Keystone Consequences for the Future of Large Infrastructure Projects

Former Senior Fellow
Pipe is stacked at the southern site of the Keystone XL pipeline on March 22, 2012 in Cushing, Oklahoma. (Tom Pennington/Getty Images)
Caption
Pipe is stacked at the southern site of the Keystone XL pipeline on March 22, 2012 in Cushing, Oklahoma. (Tom Pennington/Getty Images)

The Keystone XL pipeline extension through the Great Plains states of the United States has not been approved by President Barack Obama yet, but it is already the most consequential infrastructure project of the 21st century. The repercussions of the delay and the consequences for global energy markets are still unfolding, but like those of another great battle on the prairie, the Battle of Little Big Horn where General George Armstrong Custer made his “Last Stand”, they will be felt for decades to come.

For environmental groups, Keystone has been a model for how to capitalize on local permitting processes bias toward giving interveners the chance to be heard. By mobilizing locals with frightful scenarios of potential problems with new infrastructure, outside environmental groups can delay project approvals by calling for new studies and raising new questions that state and local politicians cannot easily dismiss. The delay allows for national and even international fundraising, providing the resources for a protracted siege.

In the wake of the failures of Kyoto Protocol ratification and carbon cap and trade legislation in the U.S. Senate, the Keystone XL controversy provided a rallying point for environmental activists. The successes of environmental groups in delaying this pipeline have led to imitation: from coal ports to power lines, wind farms to nuclear reactors, environmentalists have increasingly targeted energy logistics projects instead of international treaties and legislation.

In the private sector, investors and energy companies have taken note of this shift and have adjusted their political risk assessments accordingly. For oil and natural gas, this has increased interest in “Back to the Future” strategies that expand capacity along existing rights-of-way (such as the Kinder Morgan Trans Mountain Pipeline) and even rail and truck transportation in unprecedented volumes. For electrical projects, the new calculus is discouraging generation far from customers.

Canadian firms have started planning for infrastructure that will give Canadian oil and gas access to markets other than the United States. The Enbridge Northern Gateway pipeline would provide access to the Pacific for Alberta oil – and perhaps its right of way could also accommodate a pipeline to give sea access to British Columbia’s natural gas reserves, located in the northeast corner of the province. Trans Canada’s Energy East project would cross the continent to bring oil sands oil to ports in Quebec and New Brunswick.

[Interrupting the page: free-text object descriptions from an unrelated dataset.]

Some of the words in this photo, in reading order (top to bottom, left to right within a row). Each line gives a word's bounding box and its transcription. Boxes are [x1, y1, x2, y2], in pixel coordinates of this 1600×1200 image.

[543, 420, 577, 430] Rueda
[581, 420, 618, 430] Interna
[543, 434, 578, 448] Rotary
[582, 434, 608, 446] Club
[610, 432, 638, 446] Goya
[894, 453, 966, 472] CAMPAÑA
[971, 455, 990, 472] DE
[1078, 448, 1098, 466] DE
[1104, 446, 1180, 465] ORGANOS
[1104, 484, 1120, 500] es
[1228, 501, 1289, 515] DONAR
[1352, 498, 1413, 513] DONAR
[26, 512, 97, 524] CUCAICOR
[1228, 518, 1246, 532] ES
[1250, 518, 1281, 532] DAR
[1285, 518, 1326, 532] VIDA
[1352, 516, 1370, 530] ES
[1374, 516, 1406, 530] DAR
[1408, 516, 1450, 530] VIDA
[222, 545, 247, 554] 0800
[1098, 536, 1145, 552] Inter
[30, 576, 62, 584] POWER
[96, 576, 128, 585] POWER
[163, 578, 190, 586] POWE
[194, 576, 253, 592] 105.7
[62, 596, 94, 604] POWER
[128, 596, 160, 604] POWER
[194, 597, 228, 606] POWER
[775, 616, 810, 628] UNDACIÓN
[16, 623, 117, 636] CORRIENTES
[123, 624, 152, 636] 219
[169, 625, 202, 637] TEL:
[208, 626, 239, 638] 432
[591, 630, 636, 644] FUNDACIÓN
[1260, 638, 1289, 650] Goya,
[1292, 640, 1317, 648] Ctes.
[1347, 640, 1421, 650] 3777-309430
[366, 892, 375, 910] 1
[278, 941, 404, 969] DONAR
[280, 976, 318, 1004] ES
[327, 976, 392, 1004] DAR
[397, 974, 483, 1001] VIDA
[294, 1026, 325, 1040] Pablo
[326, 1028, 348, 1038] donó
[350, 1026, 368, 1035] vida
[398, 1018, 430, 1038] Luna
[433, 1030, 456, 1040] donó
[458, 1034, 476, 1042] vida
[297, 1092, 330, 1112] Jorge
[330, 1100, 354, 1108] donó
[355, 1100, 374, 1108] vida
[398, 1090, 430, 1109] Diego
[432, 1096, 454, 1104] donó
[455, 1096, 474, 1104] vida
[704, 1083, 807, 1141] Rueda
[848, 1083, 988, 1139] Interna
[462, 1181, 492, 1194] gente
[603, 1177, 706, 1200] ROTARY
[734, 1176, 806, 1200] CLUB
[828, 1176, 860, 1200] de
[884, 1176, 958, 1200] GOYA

The search for new strategies and new ways to bring energy supplies to market is only the first wave of reaction to the Keystone XL delay. The second wave is coming, as various initiatives attempt to change the way that infrastructure projects are governed to prevent “another Keystone.”

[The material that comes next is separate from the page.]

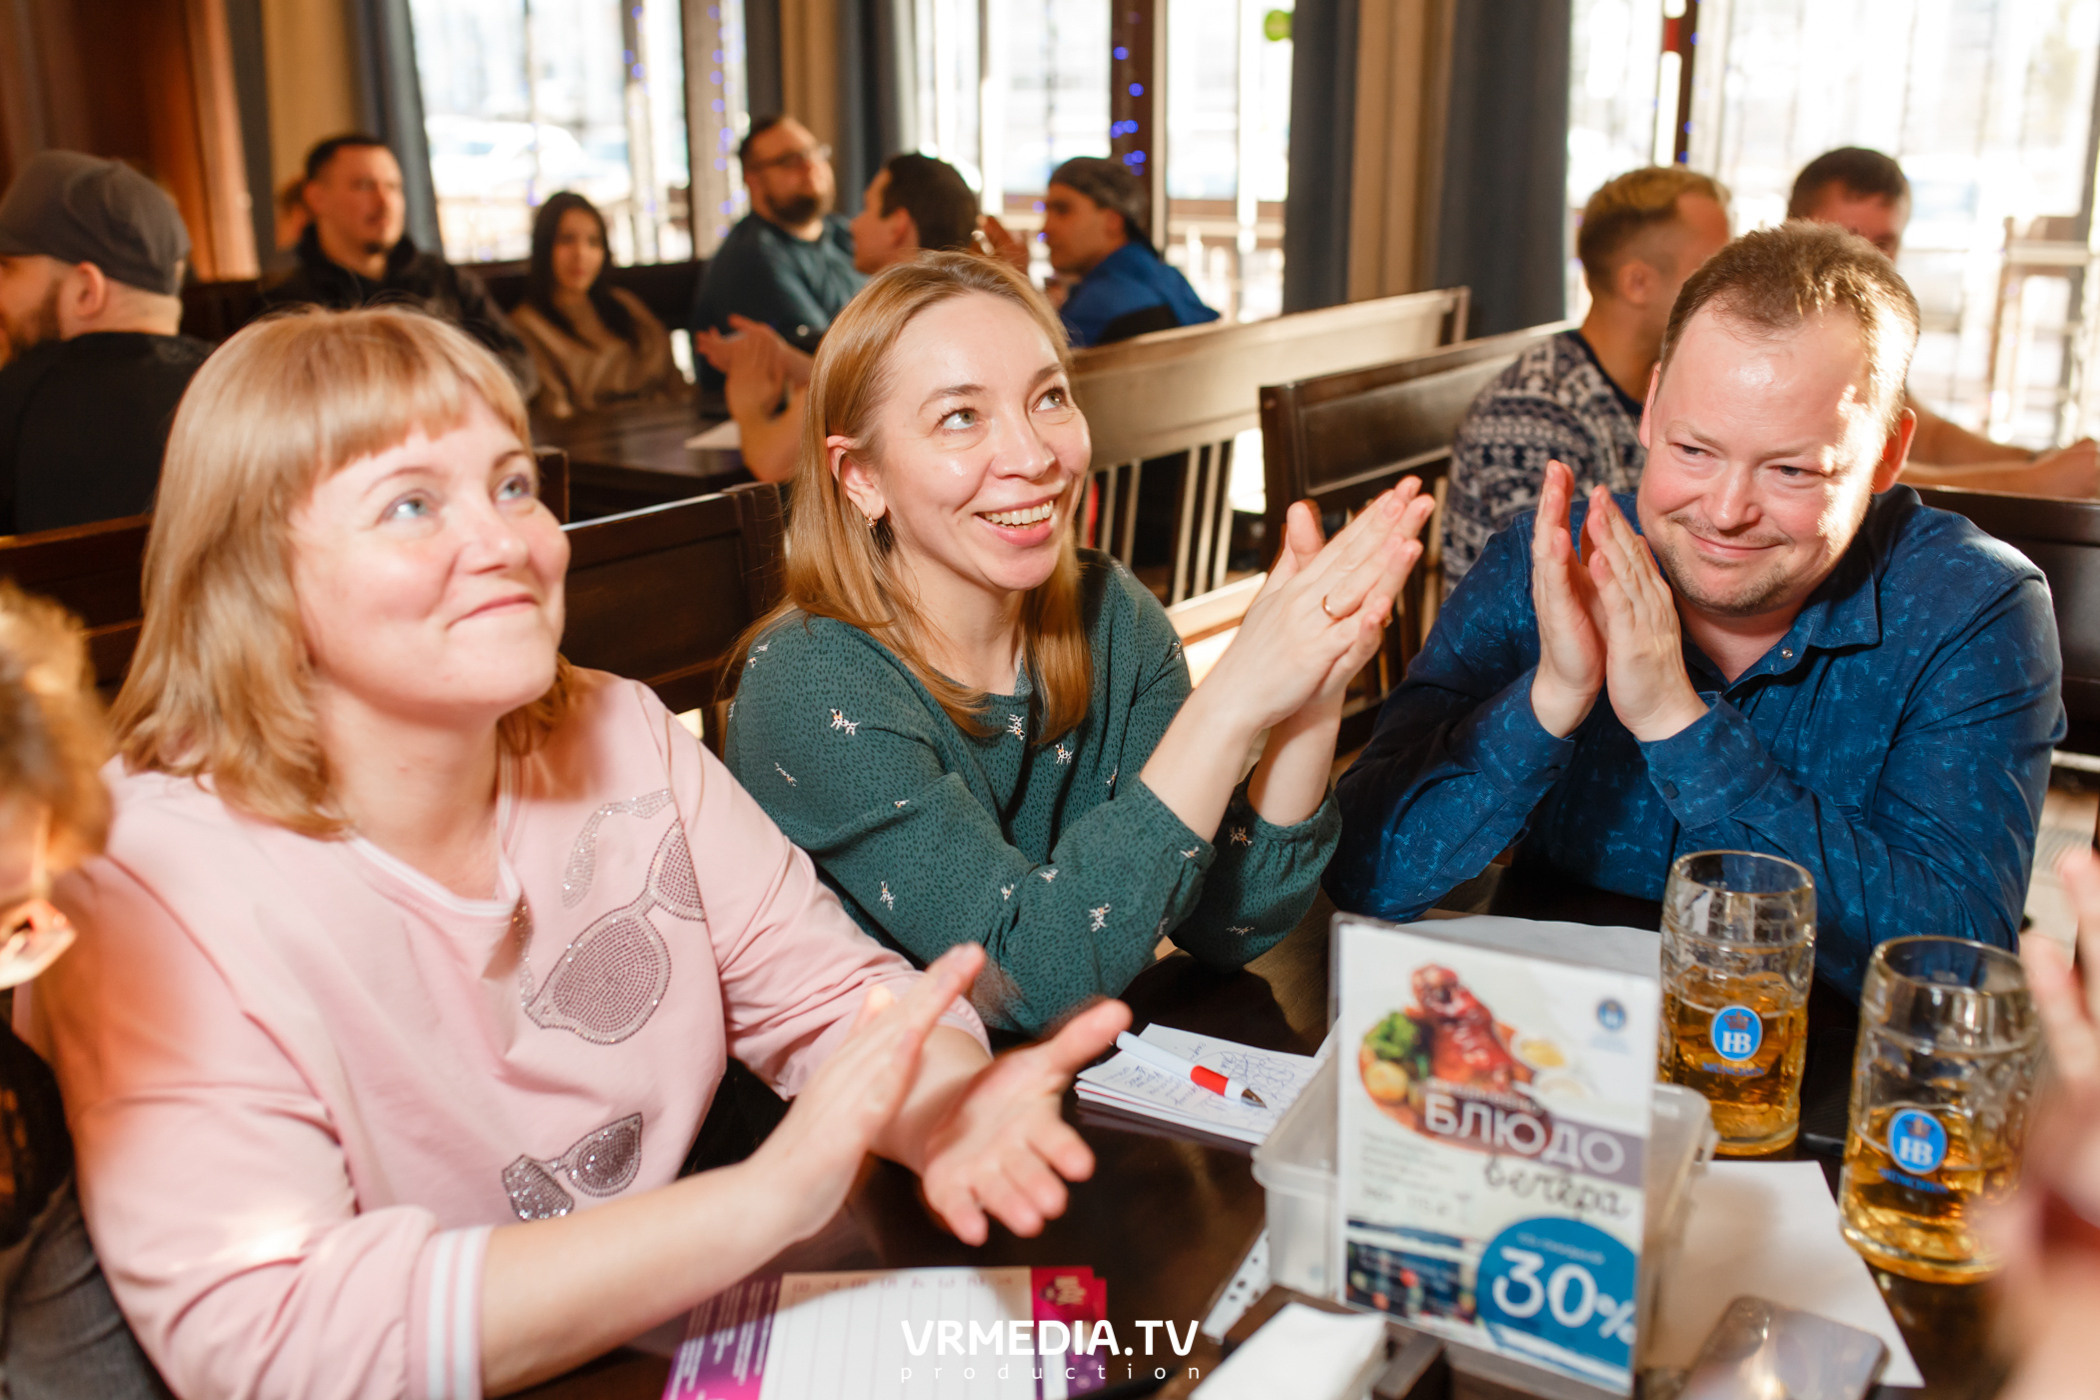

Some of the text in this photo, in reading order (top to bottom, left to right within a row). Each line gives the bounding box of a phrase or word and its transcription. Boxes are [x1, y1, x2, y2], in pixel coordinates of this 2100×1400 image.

[1722, 1031, 1752, 1054] HB
[1425, 1092, 1625, 1174] БЛЮДО
[1899, 1136, 1933, 1166] HB
[1492, 1246, 1636, 1346] 30%

David Farr is the Chairman and CEO of Emerson Electric, a St. Louis, Missouri based company that employs more than 2,000 people in Canada. Farr took to the pages of Forbes magazine in February1 to make two points: “the resurgence of North American manufacturing relies on access to affordable energy, and the latest pipeline technology is a vast improvement over what is currently in place. Stakeholders – from citizens in communities where pipelines are to be built to environmentalists concerned about collateral damage to the ecosystem – must engage in a process that improves our energy infrastructure and avoids a stalemate that leaves in place inadequate and outdated infrastructure without allowing for growth in demand, which will send manufacturing jobs elsewhere.”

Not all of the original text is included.